And here is the rug. Yonat and Annie look on as Martha points out some of the details. What I liked was seeing Martha’s progress markers. She sewed a zig zag in red thread along one edge, each “zig” representing a day’s work…most often less than an inch… while white thread would mark the distance she had managed to weave in a week.

And yet again I got to take a look at her reproductions of Anasazi sandals. Thank goodness, as last spring when I had seen these it was all a bit over my head and a case of too-much-information. This time I saw them with new eyes and understood what was going on.

On the left you can see the weft-twined upper part of the sandal sole or the part that would be against the wearer’s foot.  A relief pattern is created on the underside by placing added extra twist to the twined wefts between warps in the positions where the pattern was to appear. This is going on my list of things to try too!

As for all of us, the backstrap weavers, we did our own simple weft twining and created some fun patterns with colors rather than texture. Here are some pictures of the gang including Martha and some of the weft twining, warp substitution and double weave pieces…

Above are Ingrid (Ingrid Crickmore the loop braider), Annie, Sawyer and Dorothy weaving. Below, Yonat chooses colors alongside Annie and Barbara while Anne and Dorothy warp.

Last spring when I was weaving with this group in Martha’s studio, Martha showed me a collection of woven wristlets and a loom with one in progress which was part of the collection of the late Anne Blinks.

The loom with wristlet in progress is from the Shipibo people of tropical lowland Peru and the completed wristlets are Anne Blinks’s reproductions.

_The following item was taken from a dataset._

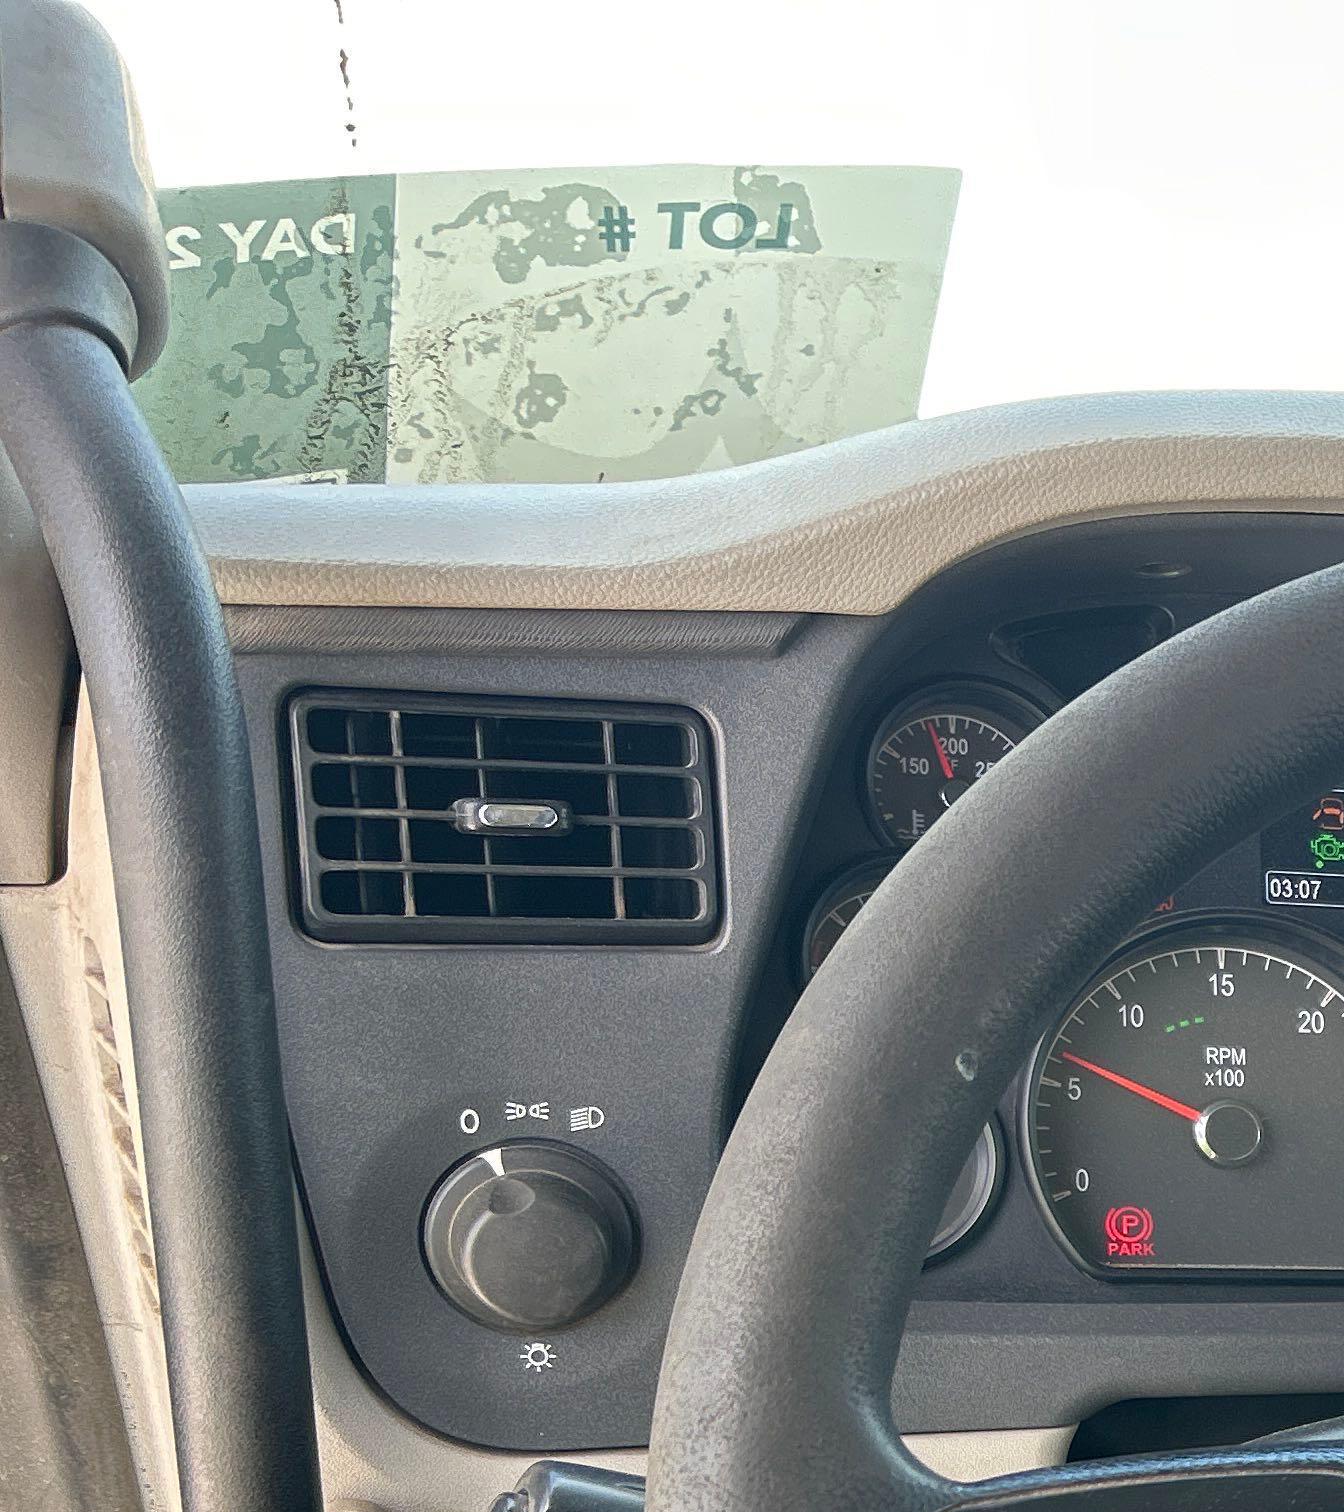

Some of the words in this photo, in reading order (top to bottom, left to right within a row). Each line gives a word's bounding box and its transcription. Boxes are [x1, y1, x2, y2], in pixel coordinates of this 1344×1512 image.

On my visit this fall I found a box in Martha’s studio with my name on it which contained some works-in-progress by the late Nora Rogers, a member of this guild who, among other things, wove with a backstrap loom and studied the structures of these kinds of little-known textiles and attempted to reproduce them.

One was a piece of sprang fabric, still on the loom, where Nora was studying the structure used to create the traditional Hopi wedding sash. Another appears to be Nora’s study of the Shipibo wristlets. I am certainly hoping that that is true. I need to look at these more carefully when I get home.

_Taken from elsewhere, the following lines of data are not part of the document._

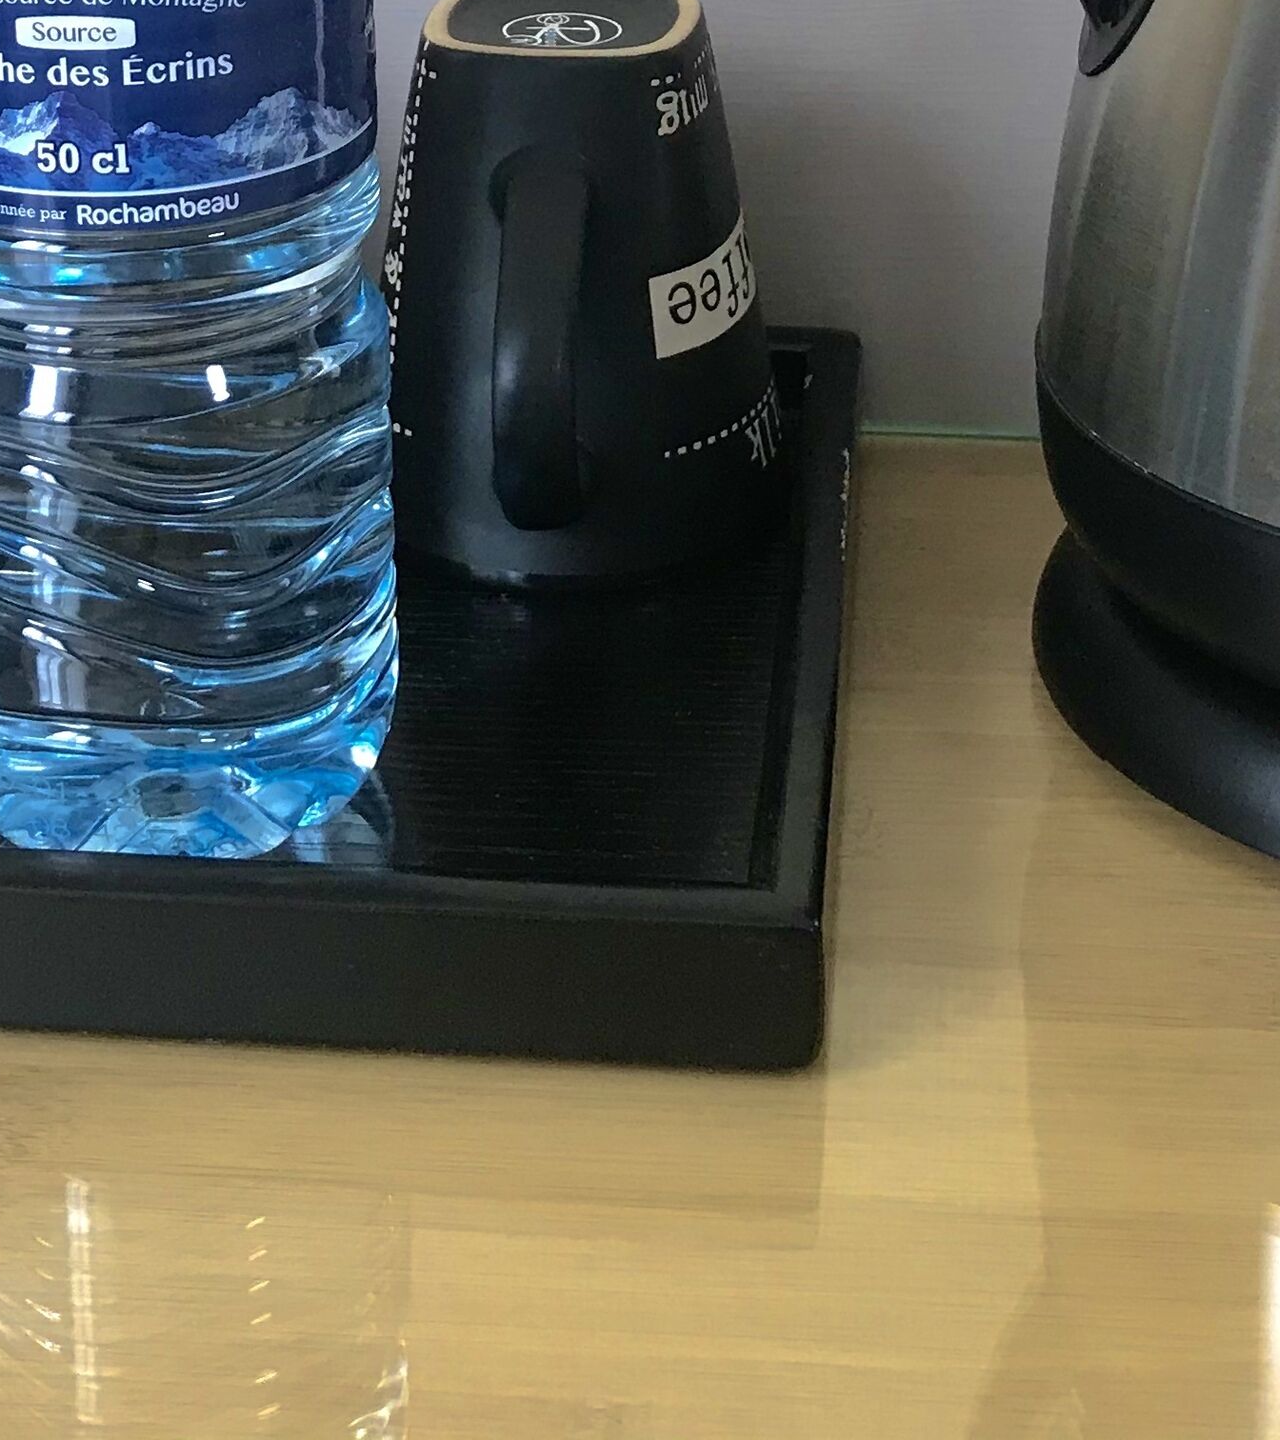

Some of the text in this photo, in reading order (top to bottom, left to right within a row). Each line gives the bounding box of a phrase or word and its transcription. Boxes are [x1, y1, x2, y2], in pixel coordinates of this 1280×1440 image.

[31, 21, 118, 43] Source
[46, 57, 110, 87] des
[122, 49, 234, 87] Écrins
[656, 73, 709, 136] mug
[36, 142, 131, 174] 50 cl
[39, 208, 68, 222] par
[76, 192, 241, 226] Rochambeau
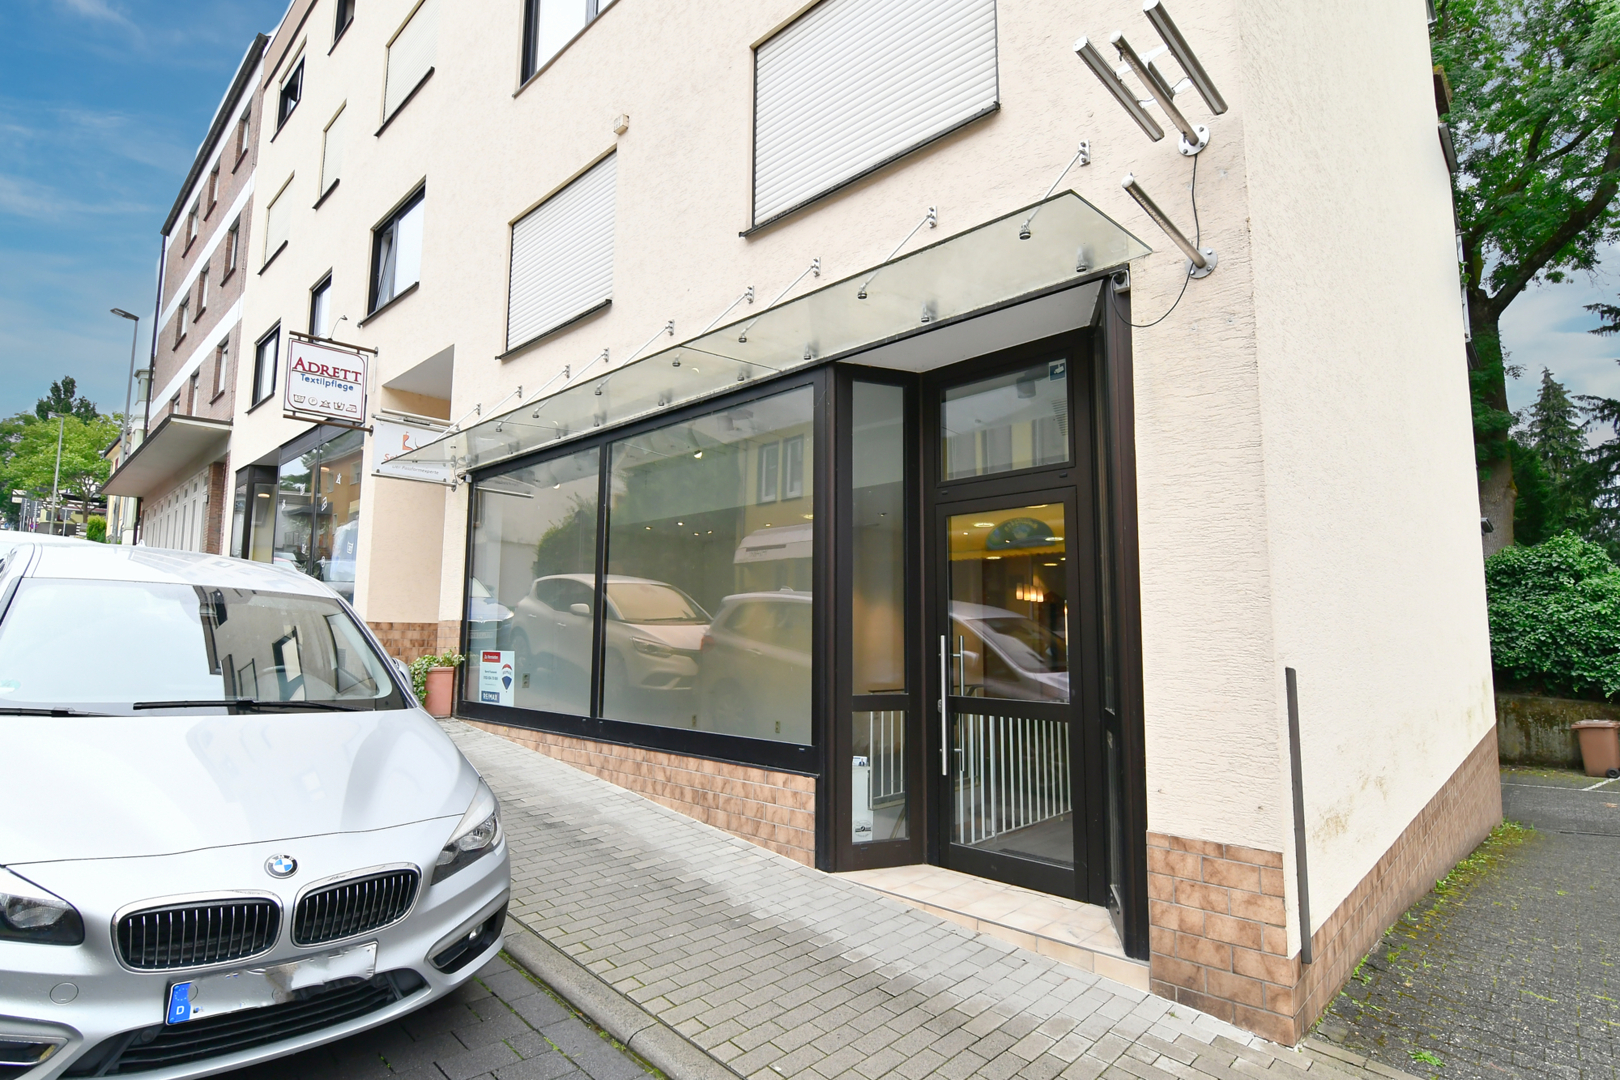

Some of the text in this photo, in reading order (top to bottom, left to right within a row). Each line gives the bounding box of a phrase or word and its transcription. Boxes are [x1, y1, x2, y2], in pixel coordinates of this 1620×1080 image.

[292, 357, 361, 382] ADRETT
[301, 373, 354, 391] Textilpflege
[176, 1005, 185, 1015] D

So, it was a whirlwind visit to the west coast, a chance to catch up with my springtime weaving friends and meet an online friend, Anne Dunham, who joined the group for the first time. We have already set the date for the next visit in spring next year!

Now I find myself back on the east coast in Maryland with friends.

And in the living room in Claudia’s home I see this….everywhere I go there’s twining!

This is the twined edge on a rug that one of Claudia’s sons who is in the Marine Corps had sent back to her from Afghanistan. And take a look at the rest of it…

So, I really need to do some soumak myself and see if this is the technique that has been used on this rug. The picture above left shows detail of the Afghan rug and, yes, I have taken pictures of the other side to take home and study.

The rug on the right is a silk one from Uzbekistan in my friend Pam’s collection which she tells me is soumak. The surface of this silk rug looks the same as that of the Afghan one. And I am still wondering about the technique used in the Bunong textiles that I saw when I was with the Montagnard weavers in North Carolina…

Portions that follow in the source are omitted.